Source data
========

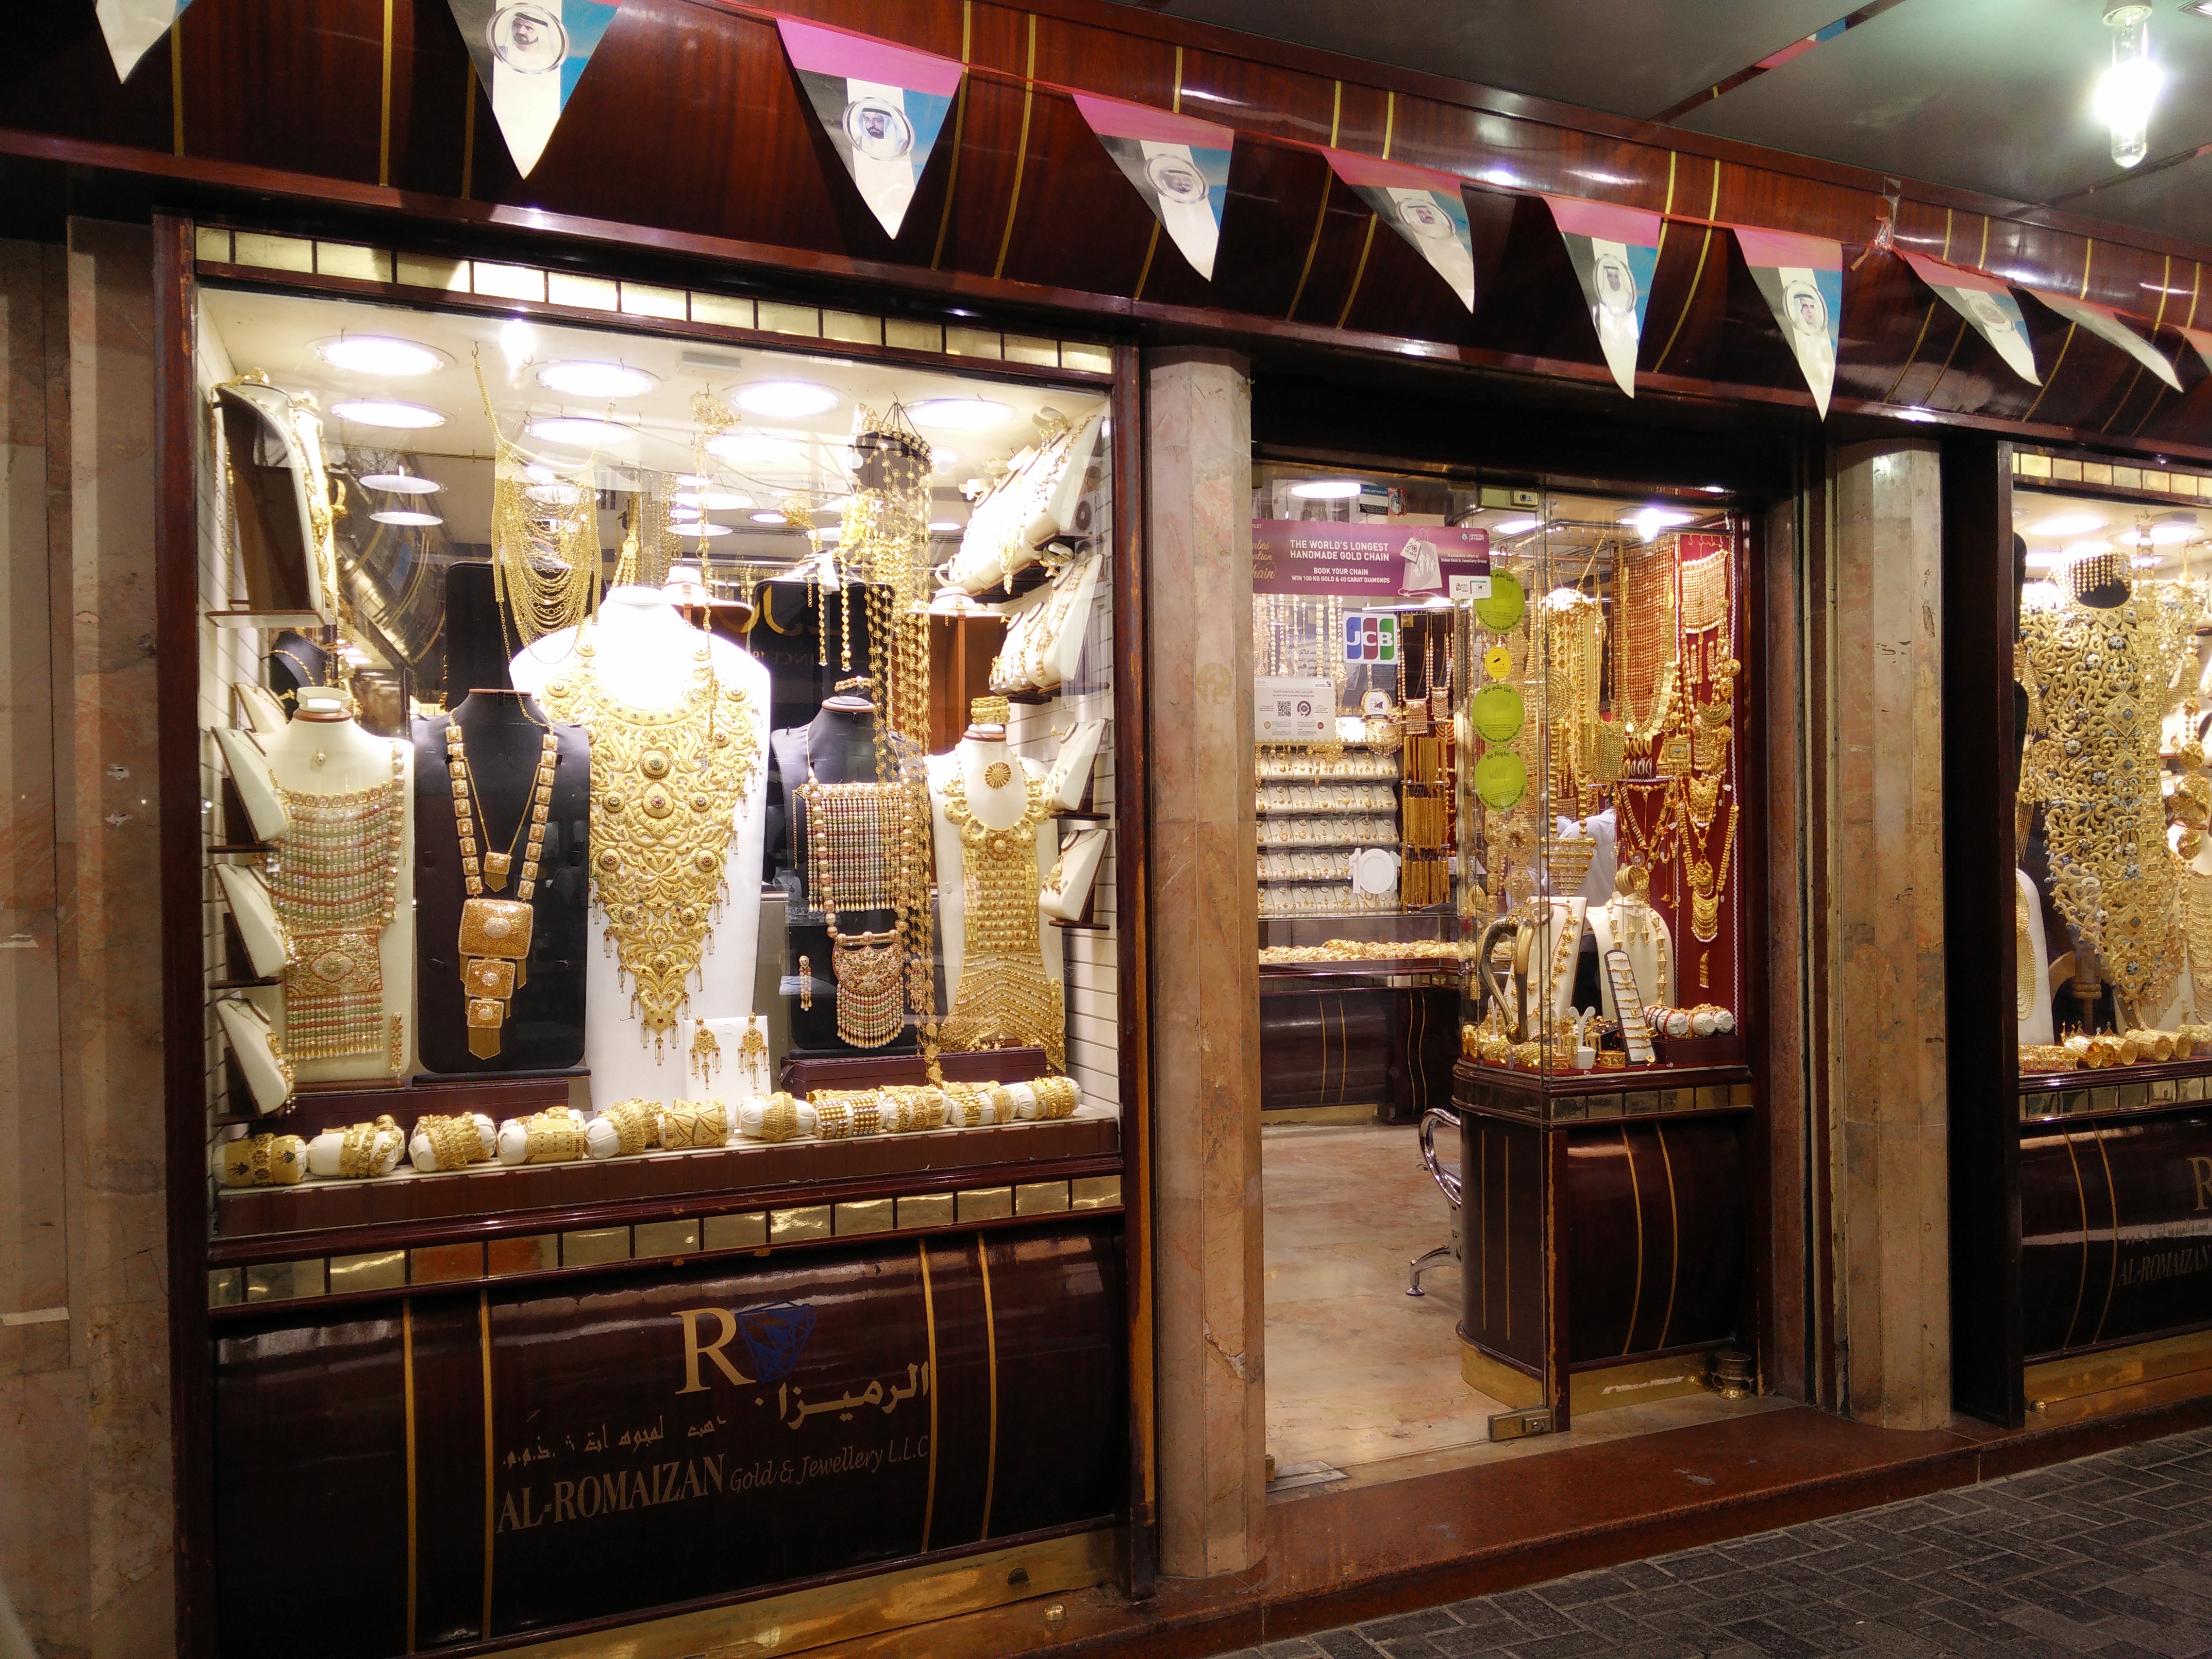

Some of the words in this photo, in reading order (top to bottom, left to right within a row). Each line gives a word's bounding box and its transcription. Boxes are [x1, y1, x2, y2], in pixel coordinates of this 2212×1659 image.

[1289, 540, 1307, 549] THE
[1309, 540, 1348, 550] WORLD'S
[1350, 542, 1388, 551] LONGEST
[1405, 549, 1417, 558] YEARS
[1406, 542, 1418, 553] 20
[1290, 550, 1338, 560] HANDMADE
[1339, 551, 1362, 560] GOLD
[1364, 552, 1389, 562] CHAIN
[1252, 562, 1277, 579] hain
[1346, 631, 1393, 647] JCB
[1480, 793, 1490, 805] Know
[1498, 798, 1518, 810] Consumer
[1517, 785, 1526, 800] Rights
[671, 1307, 756, 1395] R
[496, 1454, 725, 1534] AL-ROMAIZAN
[730, 1460, 778, 1494] Gold
[780, 1460, 794, 1484] &
[796, 1445, 884, 1485] Jewellery
[889, 1435, 928, 1463] L.L.C

========

All of the lines above must be printed again exactly, and no picture may appear in the copy.

PROBLEM SOLUTION:
Some of the words in this photo, in reading order (top to bottom, left to right within a row). Each line gives a word's bounding box and its transcription. Boxes are [x1, y1, x2, y2], in pixel coordinates of this 2212×1659 image.

[1289, 540, 1307, 549] THE
[1309, 540, 1348, 550] WORLD'S
[1350, 542, 1388, 551] LONGEST
[1405, 549, 1417, 558] YEARS
[1406, 542, 1418, 553] 20
[1290, 550, 1338, 560] HANDMADE
[1339, 551, 1362, 560] GOLD
[1364, 552, 1389, 562] CHAIN
[1252, 562, 1277, 579] hain
[1346, 631, 1393, 647] JCB
[1480, 793, 1490, 805] Know
[1498, 798, 1518, 810] Consumer
[1517, 785, 1526, 800] Rights
[671, 1307, 756, 1395] R
[496, 1454, 725, 1534] AL-ROMAIZAN
[730, 1460, 778, 1494] Gold
[780, 1460, 794, 1484] &
[796, 1445, 884, 1485] Jewellery
[889, 1435, 928, 1463] L.L.C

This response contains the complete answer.